In particolare, come evidenziato dal Consiglio di Stato nella sentenza richiamata, la sottrazione del bene pubblico all’uso collettivo (come una strada) in favore dell’uso privato, mediante il provvedimento di concessione del bene, deve essere giustificata dal perseguimento di un preminente interesse pubblico per l’ente e comunque non deve confliggere con altri interessi meritevoli di tutela.

L’amministrazione è tenuta a verificare che la concessione avviene nel perseguimento di un preminente pubblico interesse e che non si risolve nella lesione di altri pubblici interessi, al di là della comparazione tra l’interesse pubblico perseguito e quello privato; ne deriva che è legittimo negare il provvedimento di occupazione di suolo pubblico se il suo rilascio compromette l’interesse pubblico alla vivibilità dei cittadini o alla circolazione stradale.

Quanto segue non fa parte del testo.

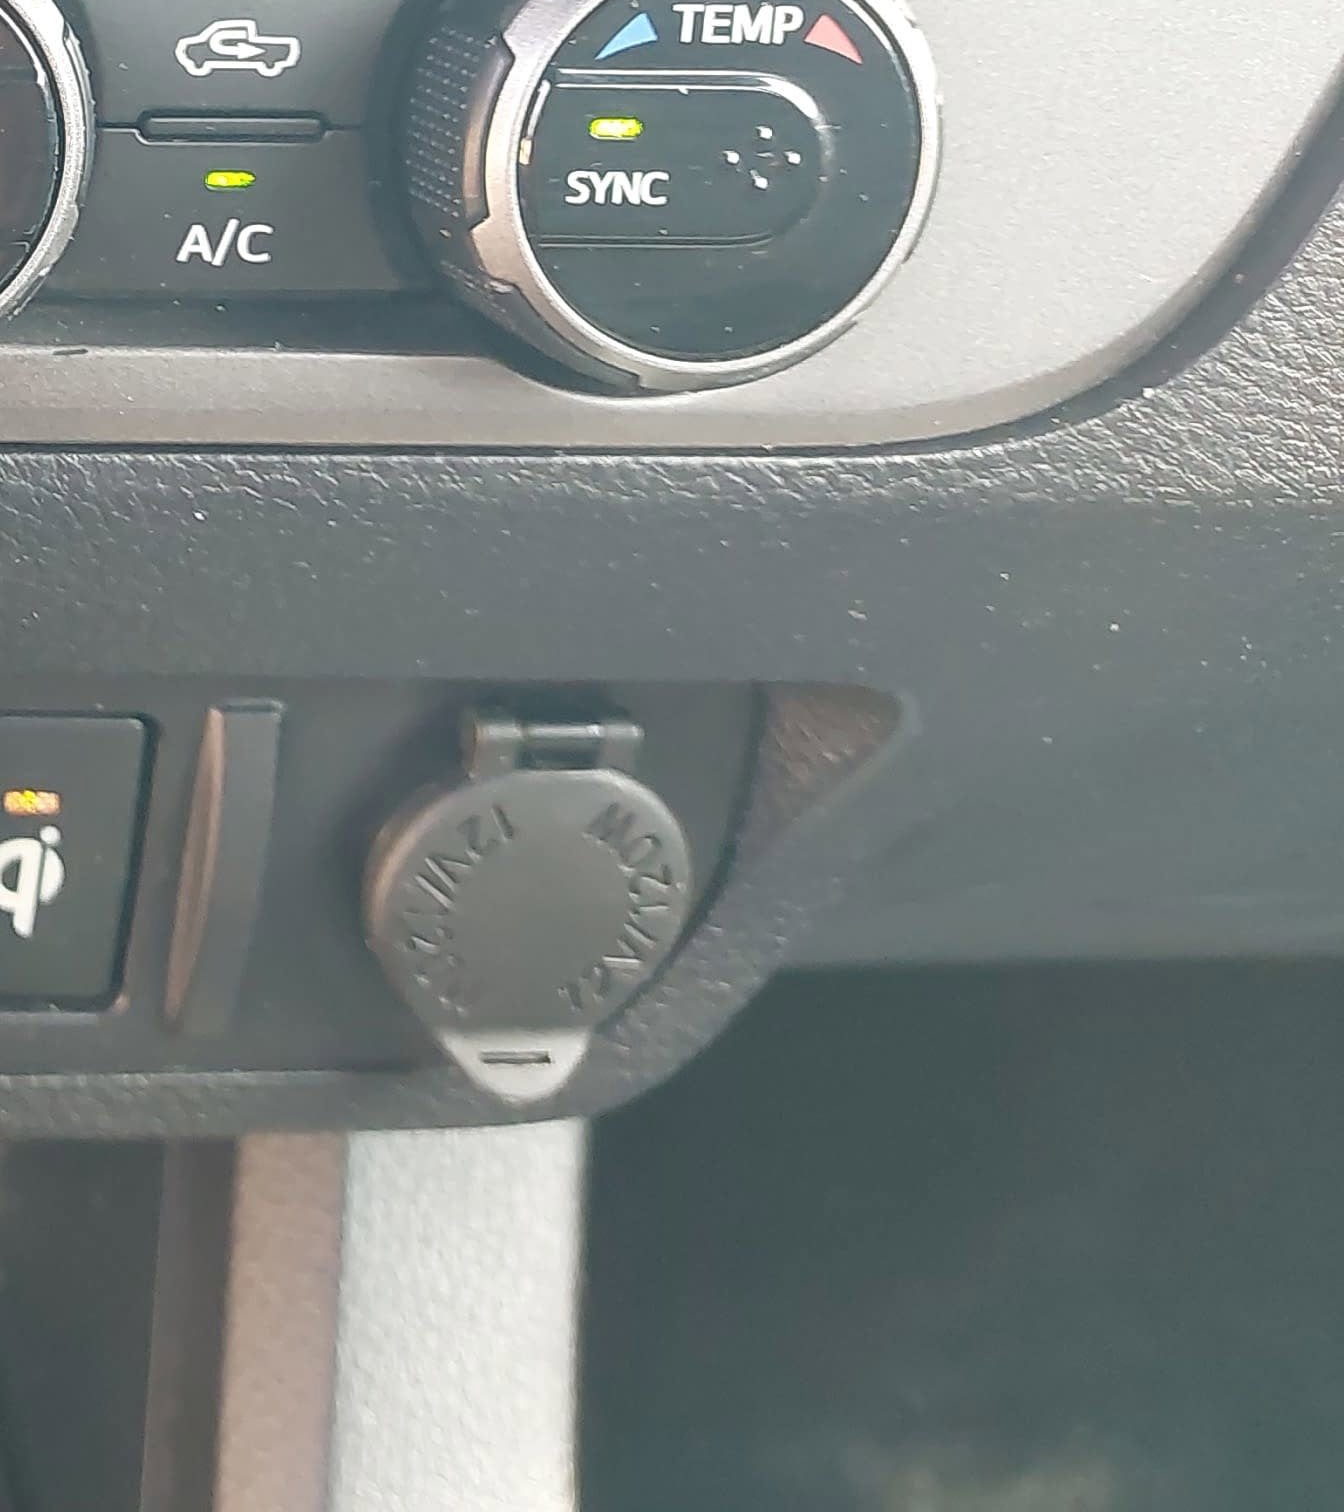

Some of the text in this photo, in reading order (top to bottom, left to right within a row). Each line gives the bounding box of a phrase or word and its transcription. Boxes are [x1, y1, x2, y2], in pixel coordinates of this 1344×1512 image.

[672, 2, 805, 46] TEMP
[564, 169, 669, 208] SYNC
[175, 218, 273, 265] A/C

Nel caso specifico affrontato dal Consiglio di Stato, si era dinanzi ad una richiesta di occupazione suolo pubblico che, laddove concessa, avrebbe determinato una distanza di 2,90 mt tra l’occupazione dello spazio pubblico con tavoli e sedie richiesta per l’attività di ristorazione e le finestre di un condominio poste al piano terra, il che evidenziava l’evidente turbamento dell’ambiente residenziale dei condomini e quindi della vivibilità delle abitazioni. Inoltre, la concessione dell’uso dell’area negata avrebbe ridotto lo spazio di manovra per accedere ai boxes del condominio e avrebbe richiesto per le auto ingombranti la necessità di effettuare più manovre, ed essendo la strada a fondo cieco e terminante davanti al condominio, la concessione della porzione di spazio pubblico antistante il condominio fino al termine della strada avrebbe provocato difficoltà di manovra e di inversione di marcia per i mezzi di soccorso.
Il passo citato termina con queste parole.